WHAT TO DO:
Each line of the data must reappear exactly in your answer, with no images included.

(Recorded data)
========
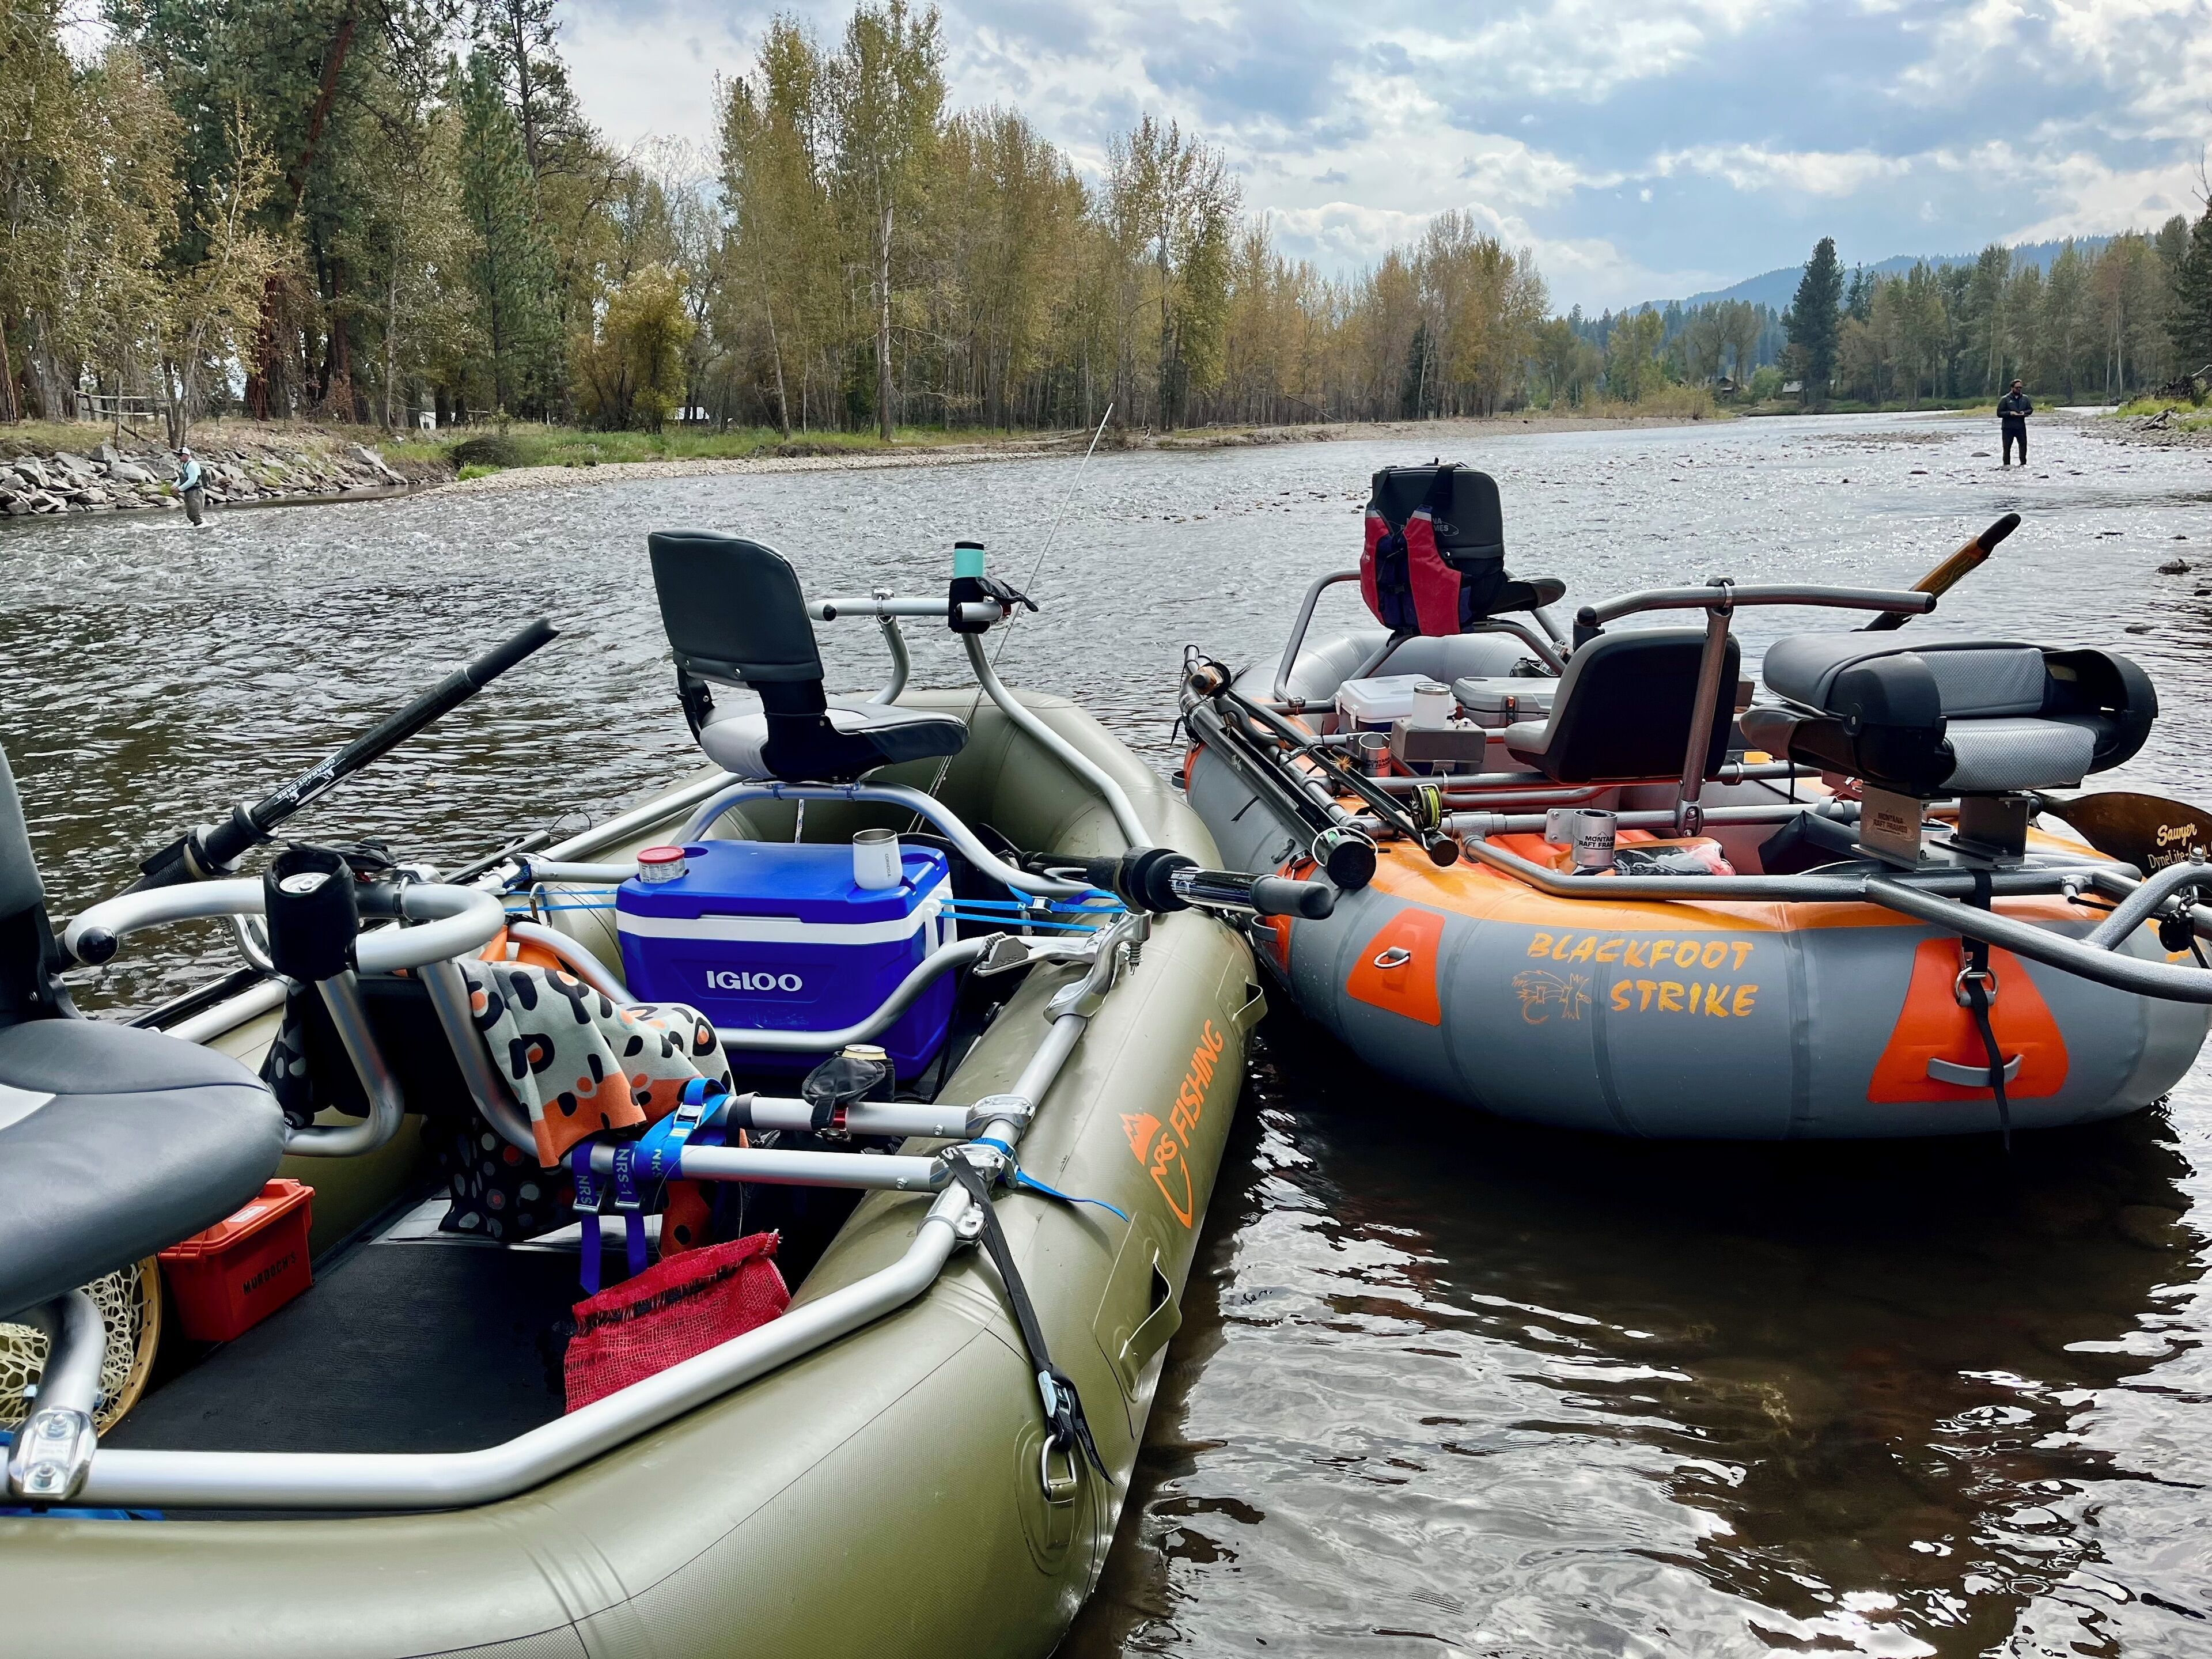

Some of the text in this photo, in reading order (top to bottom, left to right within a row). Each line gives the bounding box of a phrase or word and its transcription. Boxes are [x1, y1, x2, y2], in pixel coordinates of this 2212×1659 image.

[276, 758, 335, 800] CATARACT OARS
[1873, 819, 1907, 834] RAFT FRAMES
[1878, 812, 1903, 824] MONTANA
[2156, 823, 2198, 847] Sawyer
[1527, 933, 1755, 971] BLACKFOOT
[706, 971, 803, 992] IGLOO
[1610, 980, 1759, 1018] STRIKE
[1169, 1018, 1224, 1149] FISHING
[652, 1149, 662, 1178] NRS
[577, 1175, 593, 1205] NRS
========
EXERCISE OUTPUT:
Some of the text in this photo, in reading order (top to bottom, left to right within a row). Each line gives the bounding box of a phrase or word and its transcription. Boxes are [x1, y1, x2, y2], in pixel coordinates of this 2212×1659 image.

[276, 758, 335, 800] CATARACT OARS
[1873, 819, 1907, 834] RAFT FRAMES
[1878, 812, 1903, 824] MONTANA
[2156, 823, 2198, 847] Sawyer
[1527, 933, 1755, 971] BLACKFOOT
[706, 971, 803, 992] IGLOO
[1610, 980, 1759, 1018] STRIKE
[1169, 1018, 1224, 1149] FISHING
[652, 1149, 662, 1178] NRS
[577, 1175, 593, 1205] NRS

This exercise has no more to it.